Shifting to a new house in a new area changed nothing about the price of the mushrooms. Apart from getting Mushroom Biryani (Kalan Biriyani) from Madurai “Gowri Krishna” hotel at least once in three weeks, mushrooms were still not invited into our kitchen in the produce form. Then slowly the super markets like Nila, Pazhamudhircholai emerged in Madurai, stocking fresh and lovely white mushrooms almost daily in their stores! Mom did not wait more. She then happily invited these cute little white beauties to home every time she shopped in the super market. Amma then started to create mock-up recipes with mushrooms by referring many of her non-vegetarian recipes, e.g mushroom varuval (mushroom fry / kalaan varuval) that resembles exactly like mutton varuval (mutton fry). I personally like her Mushroom kurma (kalaan kuruma) which pairs beautifully with soft dosai. Mushroom Biryani was then in the line with our regular Chicken Biryani and Mutton biryani to make the weekend smell special. Though I do not have her other mock-up recipes in hand today, I have her recipe for Mushroom Biryani with me. So you ready to start cooking the mushroom biriyaani as I explain?
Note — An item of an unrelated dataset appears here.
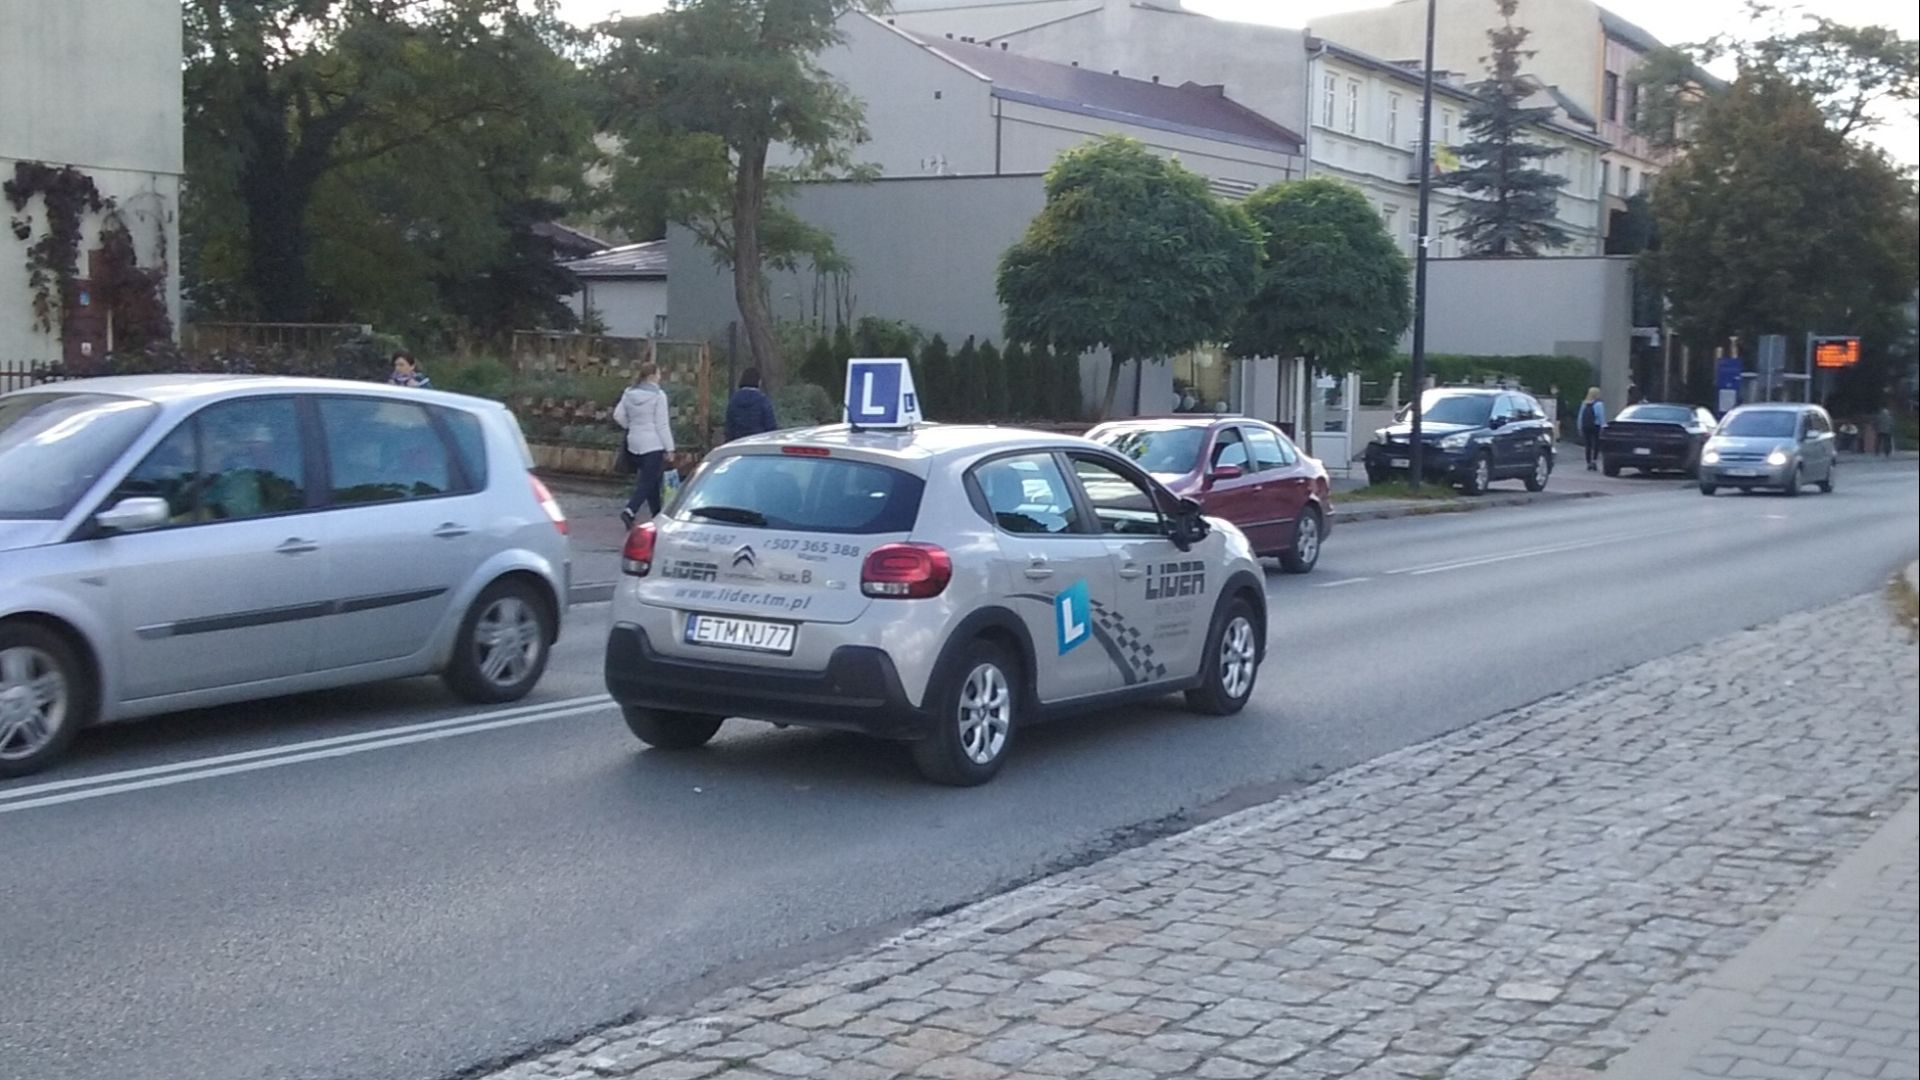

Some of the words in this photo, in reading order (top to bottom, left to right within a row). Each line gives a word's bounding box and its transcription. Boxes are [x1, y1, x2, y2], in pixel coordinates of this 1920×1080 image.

Before that, few details. We make biryani in pan rather than using a pressure cooker. We normally add coconut milk and tomatoes in our biryani recipes. That day I used the last leftover tomato to make chicken curry. But that did not impact my decision to make biryani. I substituted curd/yogurt and lemon/lime juice for tomatoes to prepare this mushroom biryani recipe. The end result was aw… aw… awesommme!!! Coconut milk is not compulsory to make biryani. So if you’re looking for a biryani recipe without using tomatoes or without using coconut milk, then I say, this one will be perrrrfect for you!
How to make Mushroom Biryani – with Step by Step pictures
[All the images can be enlarged]
Rinse basmati rice two times. Soak the rice in 5 cups of water for half-an-hour. By then we’ll cut the vegetables and set the spices ready to make the mushroom briyani.
Peel and wash 10 to 15 small onions (chinna vengayam/shallots). Peel and wash 8 garlic cloves. Wash and remove the stalk from 10 green chillies. Peel, wash and finely chop half of one big onion. Wash and peel the skin of ginger (1 inch ginger piece). Wash mint leaves (no need stalk, just the leaves – a handful – loosely packed). Wash and cut one lemon/lime (half-a lemon/lime, remove the seeds)
When it comes to washing mushrooms do not over do. Mushrooms can drink in more water just while rinsing them. I clean them with a wet kitchen paper or dip them briefly (very very briefly) in water and pat them dry using a kitchen towel or tissue paper. Cut them roughly. You can have them cut into big chunks, anyway they’ll get cooked soon.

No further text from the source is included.